George Dandin ou le mari confondu, de Molière
Adapté par Etienne Malard, mise en scène : Gilbert Ponté
En ce début d’année 2007 Marcel Maréchal nous proposait au Théâtre 14 un Georges Dandin farcesque délocalisé et recyclé années trente. Il se démenait dans le personnage central, minaudant, ricanant, gloussant, philosophouillant, marmouillant, pour se résigner à l’infortune dont, ayant manqué du plus élémentaire bon sens et grisé par un rêve bêtasson d’ascension sociale, Dandin est plus qu’en partie responsable. Avec cette comédie Molière tend la perche aux comédiens qui endossant l’habit grotesque de l’être flouable à merci, à la fois clown blanc et Auguste, Guignol et Gnafron, brandissent cette pantalonnade pétaradante pour prendre leur revanche…mais sur quoi au juste ? Maréchal et sa bande nous ont fait rire et voilà que neuf mois plus tard ( incubation plutôt que gestation ) Gilbert Bonté nous consterne au Théâtre 12. Dans la pièce, père de cette Angélique qui cocufie allègrement son époux, il est Monsieur de Sottenville par écran interposé : son visage ainsi que celui de Madame de Sottenville apparaissant sur des postes de télévisions installés de part et d’autre de la scène. Ils y grimacent, voix caverneuses dégoulinantes de haine et de mépris ping-pongant et, commentant la descente aux enfers de leur abruti de gendre. Trois comédiens beaux, remarquablement polymorphes et superbement dirigés sur un rythme époustouflant et dans un décor parfaitement fonctionnel se répartissent tous les autres rôles. On serait tenté de leur faire une ovation à la fin de la représentation, si la démarche de Gilbert Ponté ne nous révulsait pas. Récapitulons. Selon lui on est censé avoir admis et peut-être compris que :
1) Le mariage est une institution monstrueusement monstrueuse…
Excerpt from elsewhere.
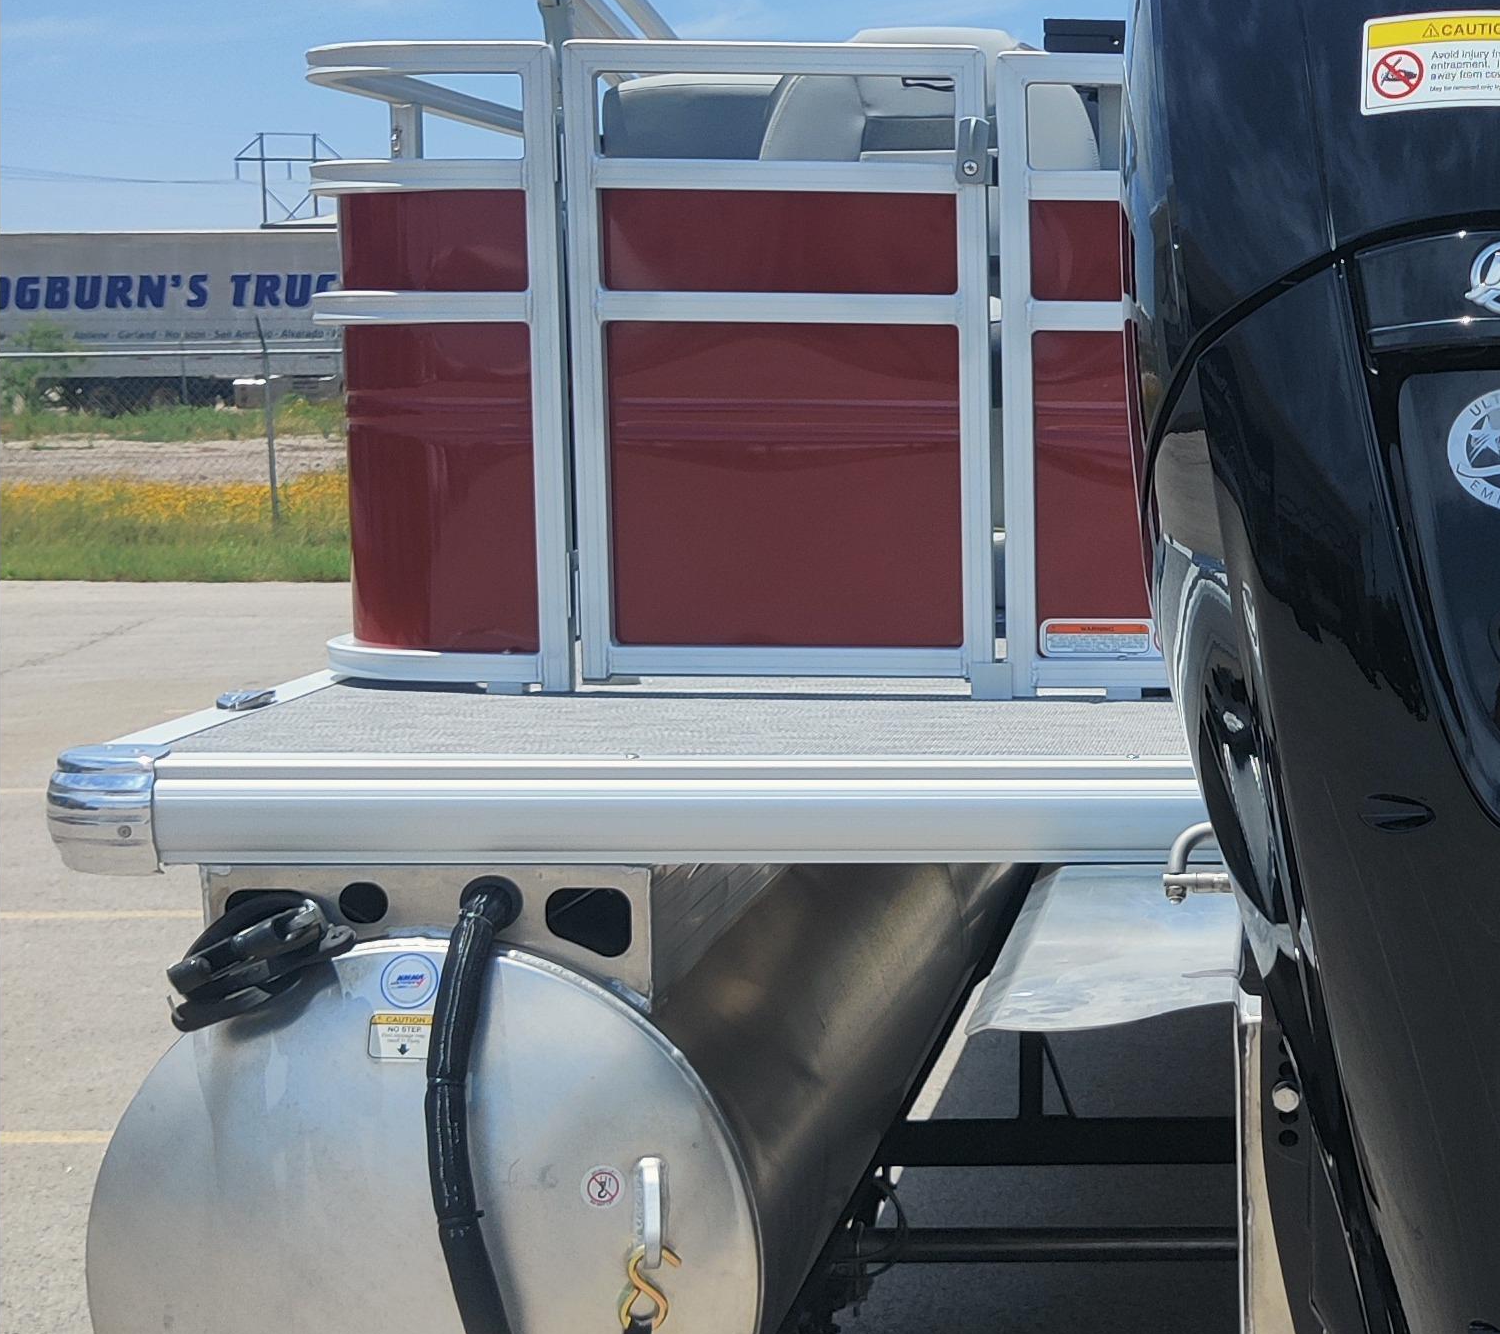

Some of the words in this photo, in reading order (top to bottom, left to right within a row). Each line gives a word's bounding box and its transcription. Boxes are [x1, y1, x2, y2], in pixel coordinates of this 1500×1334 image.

2)…à la racine de tous les maux de l’univers…
3)…qui transforme un homme apparemment responsable en larve.
4) Que les aristos d’autrefois et peut-être même d’aujourd’hui ( il en reste donc, horreur !) sont une caste à laquelle n’ont jamais appartenu que des financiers véreux, manipulateurs, des super-salauds qui vendraient leur âme au plus offrant…
5)…sauf que d’âme ils n’en ont plus guère…
6)…vu qu’ils n’ont probablement jamais été dotés de quoi que ce soit qui y ressemble.
Stop !
On se demande ce que Molière fait dans une telle galère, ce super-mélo récupérateur, prétexte à des divagations inopérantes et morticoles. Mais on espère quand même que la compagnie Théâtre Alicante qui déclare se fixer pour objectif de « travailler à la mixité, à l’hybridation des formes artistiques et à la collaboration entre artistes de genres différents » nous offrira bientôt un spectacle capable de nous sortir du cauchemar qu’elle propose ici .
Théâtre 12 Maurice Ravel . A partir du 21 novembre et jusqu’au 5 janvier : du mercredi au samedi à 20h30. Et du 22 novembre au 14 décembre : les jeudis et vendredis à 14h30. Réservations : 01 44 75 60 31.